Presentazione della città
seconda parte
Belluno
città non coincide con le Dolomiti, ha una sua particolarità
e delle caratteristiche che la rendono unica: serena
(vita tranquilla di una piccola città a dimensione d'uomo, con
piazze silenziose, vecchie strade medievali e rinascimentali, fontane,
palazzi in stile veneziano) e nello stesso tempo misteriosa
e solitaria (la solitudine delle serate invernali con la piazza
Campedel quasi deserta durante la stagione fredda, le strade innevate...).
Bartolomeo Zanenga la definiva "un approdo fortunato dove è bello sostare, in cui, prima o poi, chi c'è stato ritorna."
Per Dino Buzzati, l'incanto di Belluno e della sua valle è dato dall'incontro fra il mondo di Venezia con "il marchio delle sue architetture inconfondibili... e il mondo del nord (con le montagne misteriose, i lunghi inverni, le favole,...)".
In
città incontriamo edifici "che sono venuti su dal mare",
al di fuori della città vi sono case rustiche "che sono
venute giù dalle montagne". Convivono a poche centinaia
di metri, con un effetto strano e abbastanza favoloso.
Una fusione singolare tra mare e montagna, realisticamente visibile
nelle giornate invernali che spesso regalano un cielo azzurro e che
richiamano nei fine settimana i turisti che dalla pianura vengono a
ristorarsi gli occhi con queste montagne così splendenti sotto
la luce del sole.
Belluno è questo, ma tante altre cose: la città
con un basso grado di delinquenza, la città dell'ultimo sviluppo
industriale, quello della piccola industria su modello veneto, con aree
di industrializzazione specializzata (occhialerie), è la città
che sta sviluppando una fervida attività intellettuale nell'organizzare
convegni, nell'informatizzazione completa della Biblioteca Civica e
la creazione del Servizio Provinciale Biblioteche, nella vivace attività
del Teatro Comunale, nel sostenere numerosi circoli e associazioni.
E'
la città del Parco Naturale delle Dolomiti Bellunesi,
la città cioè che ha voluto tutelare i beni ambientali
paesaggistici e che culturalmente è protesa alla conservazione
e tutela del territorio montano da abusi edilizi o rovinose utilizzazioni.

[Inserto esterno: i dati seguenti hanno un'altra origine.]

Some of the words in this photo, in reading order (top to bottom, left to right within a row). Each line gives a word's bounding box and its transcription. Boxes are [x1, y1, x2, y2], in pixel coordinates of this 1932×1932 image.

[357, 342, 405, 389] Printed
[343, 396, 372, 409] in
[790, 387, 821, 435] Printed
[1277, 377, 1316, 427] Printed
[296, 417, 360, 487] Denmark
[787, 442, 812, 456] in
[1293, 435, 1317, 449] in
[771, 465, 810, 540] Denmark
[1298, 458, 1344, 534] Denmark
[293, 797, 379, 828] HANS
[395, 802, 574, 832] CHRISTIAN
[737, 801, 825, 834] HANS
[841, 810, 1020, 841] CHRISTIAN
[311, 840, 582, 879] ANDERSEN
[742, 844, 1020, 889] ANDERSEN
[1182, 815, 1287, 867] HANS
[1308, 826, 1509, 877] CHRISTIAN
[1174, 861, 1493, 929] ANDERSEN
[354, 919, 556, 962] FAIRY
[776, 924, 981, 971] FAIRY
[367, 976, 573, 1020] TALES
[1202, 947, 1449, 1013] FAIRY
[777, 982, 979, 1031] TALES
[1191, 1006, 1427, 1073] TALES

Belluno é consapevole dei guasti prodotti dal turismo di massa
e dalla gesione indiscriminata delle risorse naturali. Come é
accaduto quando quel capitale proveniente da fuori ha deturpato interi
versanti montani per la ricreazione sulle piste da sci o per la costruzione
di centrali di produzione idroelettrica (vedi Vajont) per sostenere
l'avanzante industrializzazione (anni Sessanta e Settanta).
Oggi vi è un recupero delle attività agro-pastorali
e dei valori tradizionali in quegli ambienti in cui troppo selvaggio
è stato l'utilizzo da parte di terzi. Molti gli agriturismi di montagna che testimoniano di questo ritorno alla fruizione rispettosa del territorio. Ricordiamo anche la manifestazione Dolomiti d'Autunno indetta dalla provincia, che raccoglie le 23 fiere autunnali più note in provincia di Belluno che si svolgeranno dalla metà di agosto fino alla fine di novembre all’insegna della tradizione enogastronomica con l’occasione di visitare il territorio bellunese attraverso il suo patrimonio culturale e naturale.

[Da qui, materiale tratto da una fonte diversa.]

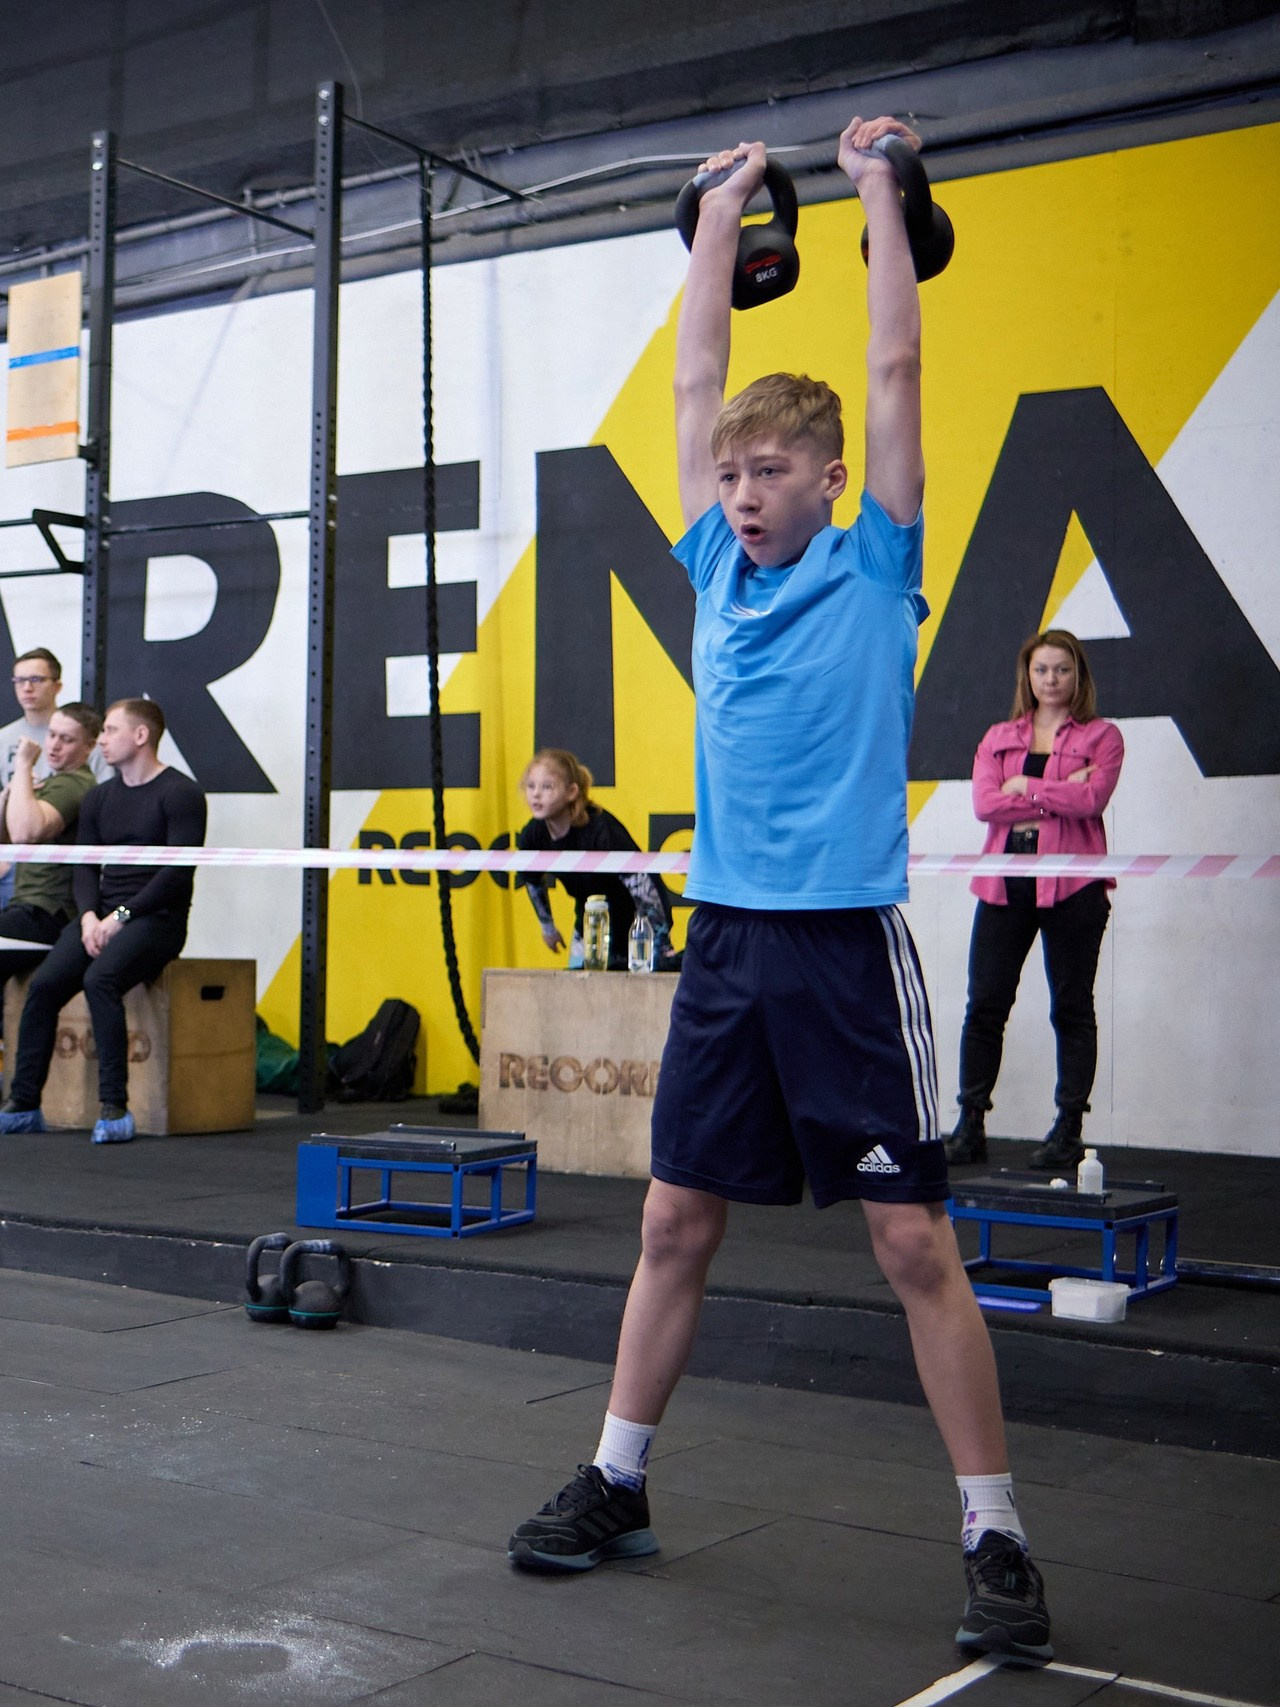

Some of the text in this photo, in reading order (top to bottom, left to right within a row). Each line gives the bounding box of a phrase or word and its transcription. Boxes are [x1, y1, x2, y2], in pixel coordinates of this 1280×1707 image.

[755, 267, 777, 283] 8KG
[499, 1052, 660, 1097] RECOR
[856, 1162, 901, 1173] adidas

Belluno è fervida di attività artistiche
che a volte non emergono, sia per la tradizionale (o storica) riservatezza dei
suoi abitanti, sia perché ancora c'è un certo isolamento
rispetto ai circuiti culturali nazionali.
Ma negli anni recenti l'amministrazione comunale e provinciale ha organizzato mostre di dignità nazionale o internazionale, ricordiamo Caffi. Luci del Mediterraneo o l'attuale “T I Z I A N O : L'ULTIMO ATTO ”, che stanno attirando migliaia di visitatori.
Molte le mostre anche degli artisti locali che possono essere adeguatamente pubblicizzate attraverso internet.